Customer expectations have increased exponentially and will continue to grow. Retailers must rise to this challenge or risk becoming irrelevant.
Big data provides an excellent mechanism for retailers and CPG manufacturers to understand shoppers’ needs in a more meaningful way. But it’s critical to capture and analyze data in a consistent and timely manner in order to create a more customer-centric experience, motivate desired behaviors and satisfy shoppers’ needs better than the competition.
As mentioned in my contributing chapter from “The Little Book of Big Data,” by the Shopper Technology Institute, consumers are eager for retailers to step up their game when it comes to using big data and predictive analytics to deliver a better experience. Customers are clamoring for this. In fact, in primary research around the issue of customer-centricity, Precima found that 80% of consumers say they want retailers to use their data to decide which products and services to consider offering or eliminating.

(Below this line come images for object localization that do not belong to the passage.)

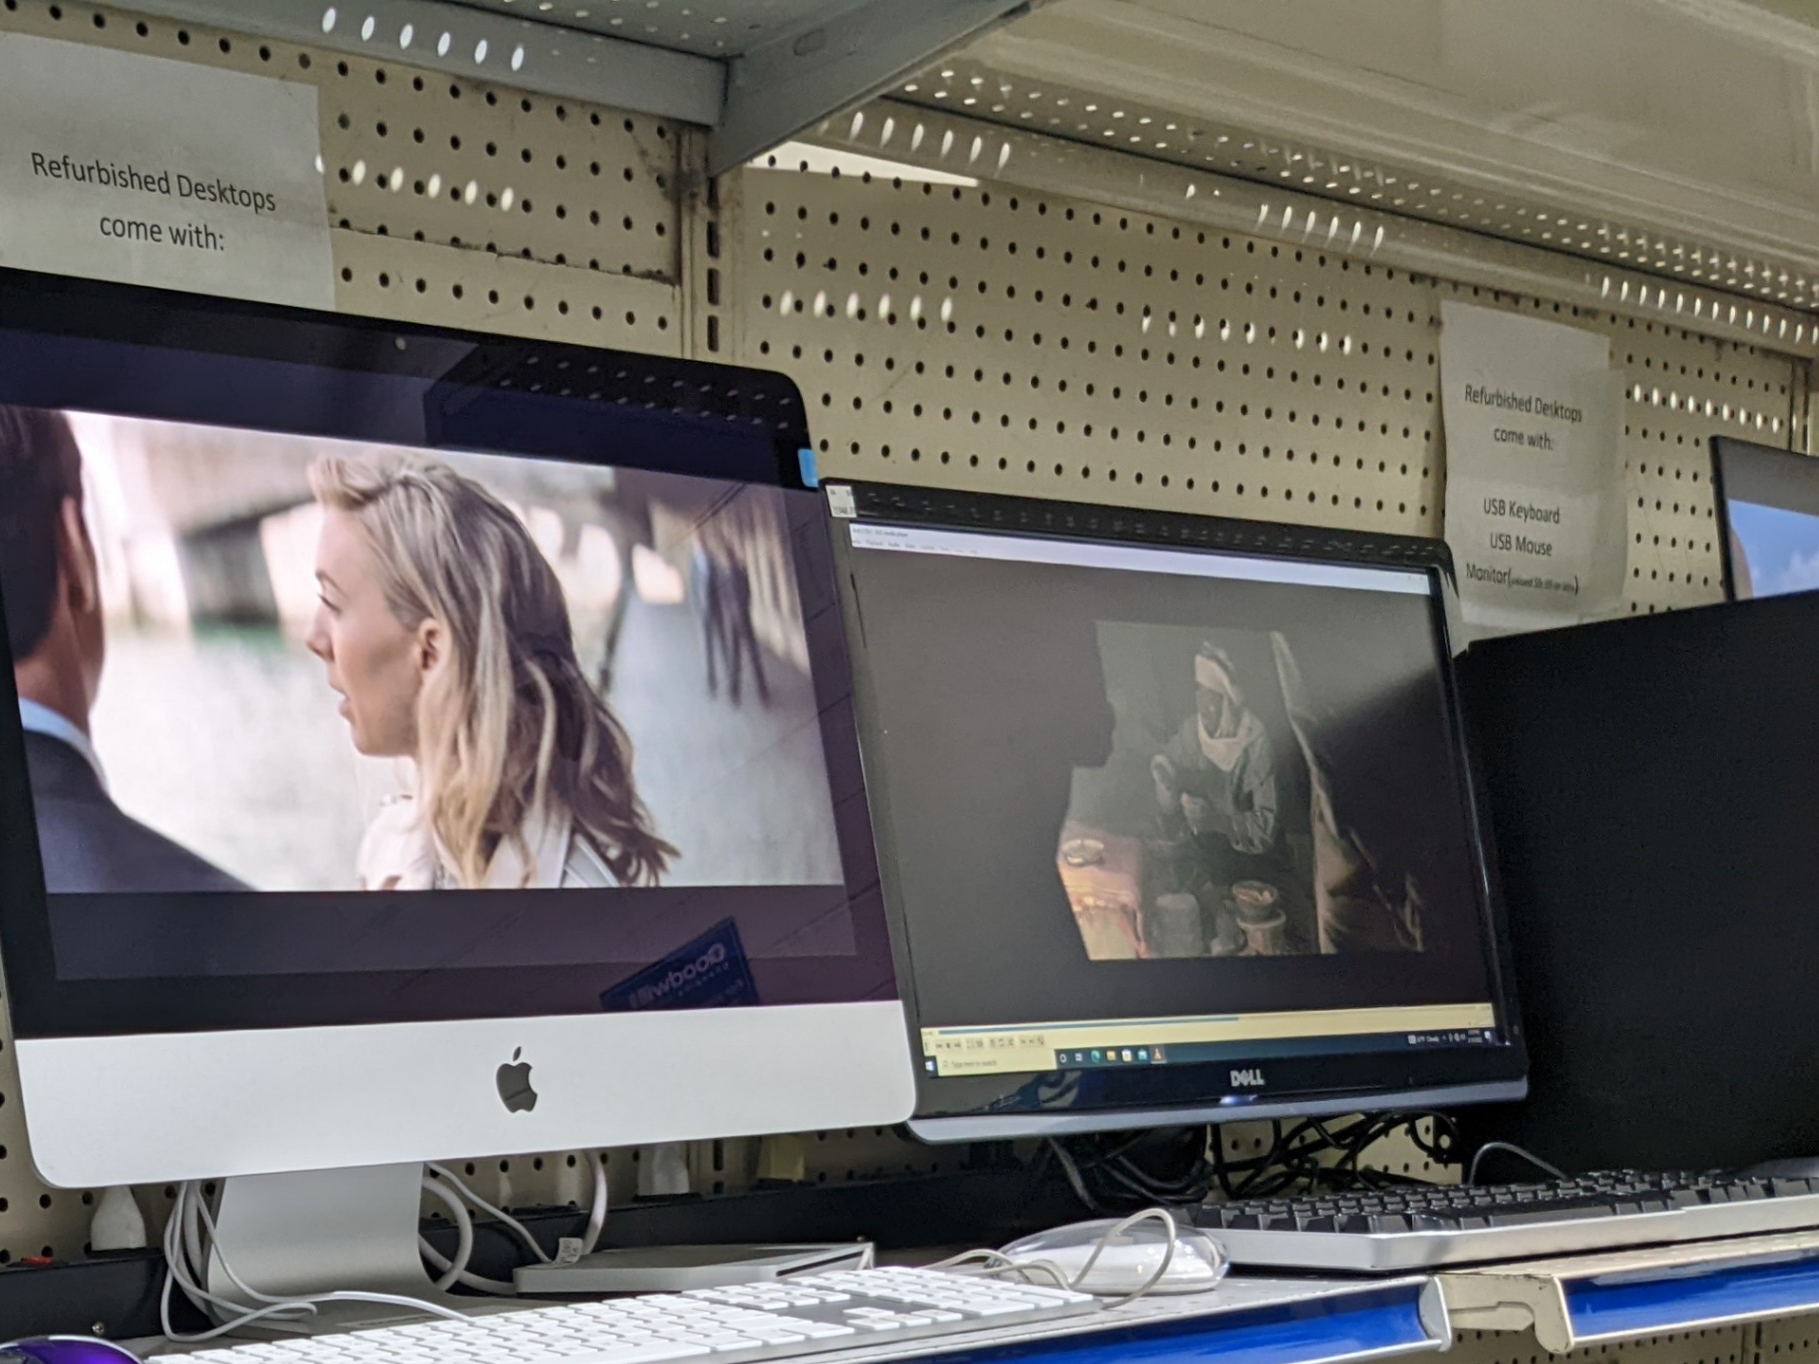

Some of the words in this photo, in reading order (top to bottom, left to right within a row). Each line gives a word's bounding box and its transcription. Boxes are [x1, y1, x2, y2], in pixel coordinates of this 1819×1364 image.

[31, 152, 170, 195] Refurbished
[177, 174, 276, 214] Desktops
[100, 216, 162, 243] come
[168, 222, 225, 251] with:
[1465, 384, 1532, 413] Refurbished
[1534, 397, 1582, 423] Desktops
[1494, 428, 1524, 446] come
[1527, 431, 1554, 450] with:
[1483, 498, 1506, 517] USB
[1509, 502, 1560, 525] Keyboard
[1490, 533, 1512, 551] USB
[1515, 536, 1552, 556] Mouse
[1230, 1069, 1264, 1087] DELL

When the full power of data is tapped, it can offer shoppers the right prices, promotions, assortment, personalized communications and more.
When retailers really listen to the stories shoppers are telling them through the data, they are able to create a customer-centric approach that delivers sustainable and measurable business improvements year after year. They’re able to make strategic decisions about allocating resources in pursuit of the most attractive customer, category and store opportunities. This appears to be well worth the effort. When retailers rethink their approach in the following areas, Precima has found, they see impressive results:
- Strategic: Big data insights can help retailers identify and assess current spend as well as model potential spend for individual customers for each category in each store. This allows the retailer to allocate people and financial resources against the customers, categories and stores that present the greatest opportunities to grow the business.

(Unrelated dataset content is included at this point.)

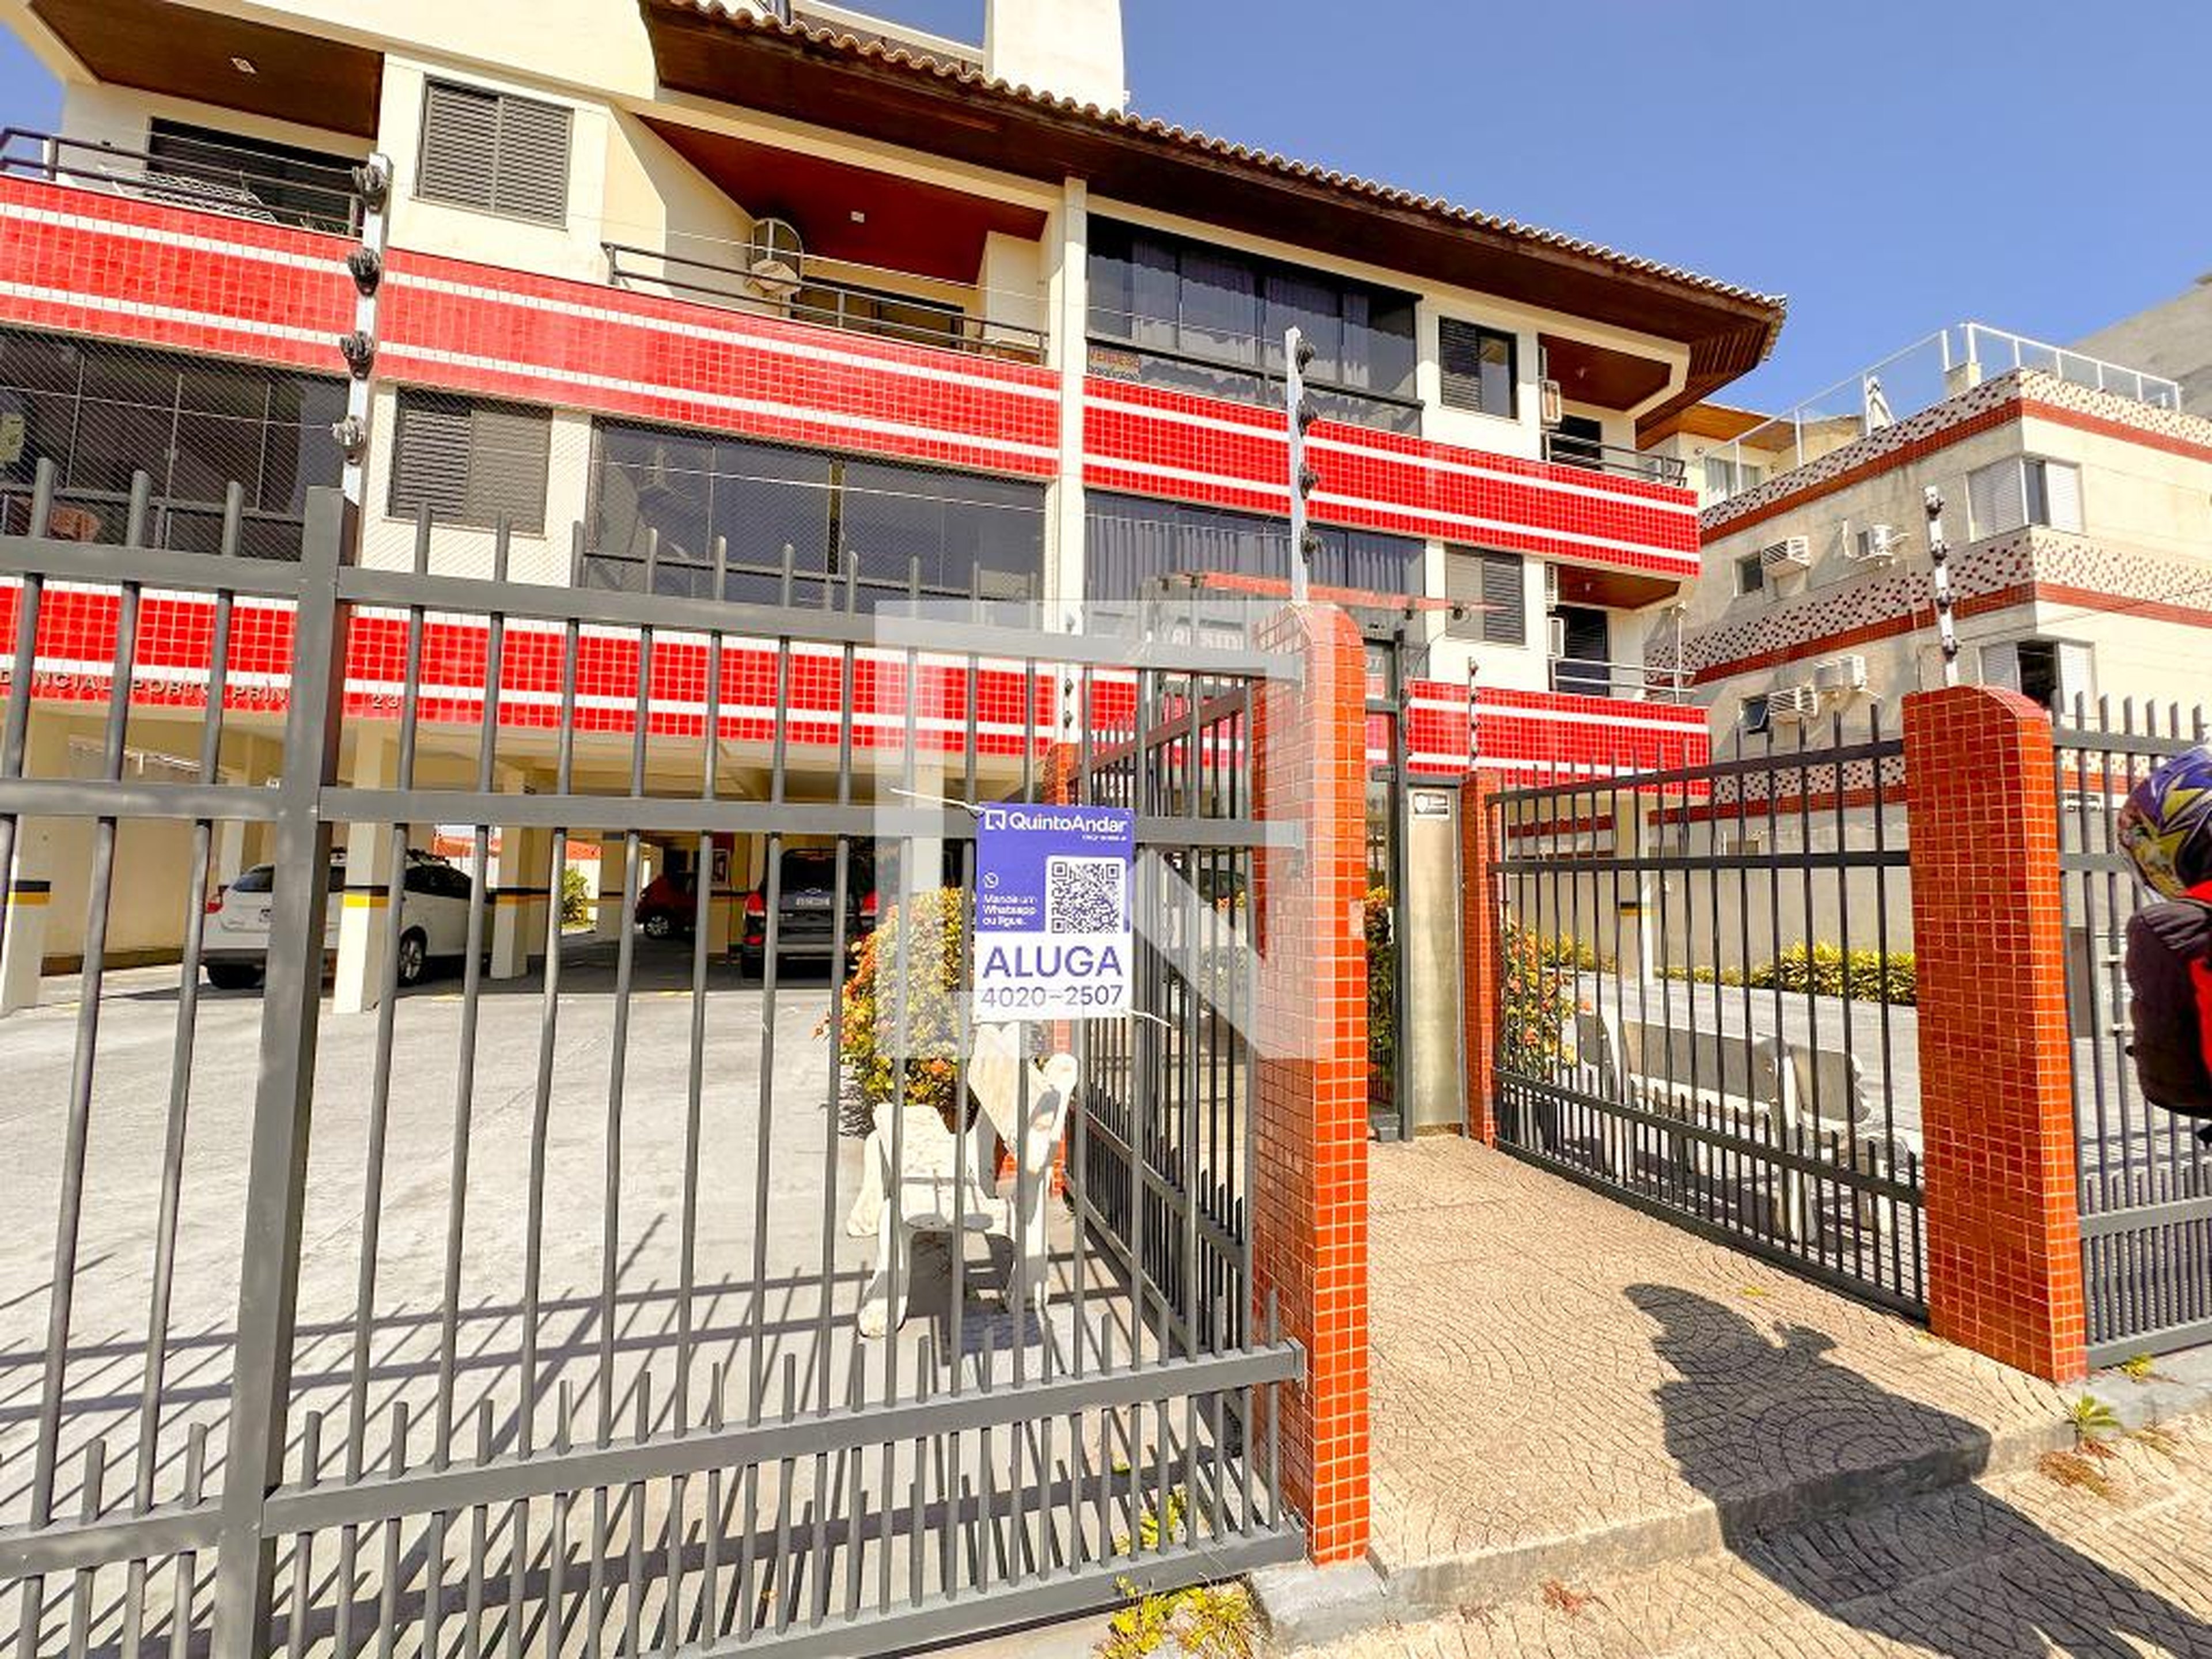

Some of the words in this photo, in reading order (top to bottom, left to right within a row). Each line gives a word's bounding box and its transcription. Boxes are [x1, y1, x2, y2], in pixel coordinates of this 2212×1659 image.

- Pricing: Retailers can develop tactics at the lowest levels of the store, product and even customer hierarchies. Precima’s clients have seen impressive results in this area: Aligned with customer needs, Precima’s Total Store Price Optimization determines total store price plans that can drive sales and profit increases of 1% to 3% while enhancing customer price perception and improving market share.
- Promotions: With big data, retailers and CPG manufacturers can identify which promotions are performing well, which are not but can be improved and which should be terminated. Determining the right items to promote, the best discounts to offer and the appropriate allocation of ad and display support leads to dramatic improvements in performance. In addition, it is possible to identify promotions that disproportionately appeal to loyal customers so that promotional investments can be tailored toward these valuable customers. Precima’s clients see increases in promoted sales from 3% to 6% and increases in promoted gross profits from 5% to 10%.
- Assortment: Retailers can identify which items have high demand transfer and low customer loyalty and, as such, can be safely removed from the assortment and replaced with higher-productivity items. Precima has seen clients improve the sales performance of low-productivity items by 1% to 2% and gross profits by 2% to 4%.
- Personalized marketing: The major challenge with personalized marketing is to achieve high response rates while simultaneously driving incremental sales and doing this at a scalable level to meaningfully move the needle on sales. With a big data approach, Precima has seen clients achieve response rates of more than 40%, drive incremental sales of up to 4% and improve campaign ROI from less than 15% to more than 100%.
An enterprise-wide, customer-centric approach based on a holistic understanding of the customer will deliver results. When retailers and CPG manufacturers take a customer-centric approach across pricing, promotions, assortment and marketing, Precima has found, they consistently see measureable improvements. For a retailer with $2 billion in annual revenue, this can equate to an additional $80 million in sales per year and an additional $30 million in gross profits.
True customer loyalty – and resulting business improvement – can best be earned through the effective collection and use of data insights to understand customer needs and take actions to meet them better than the competition.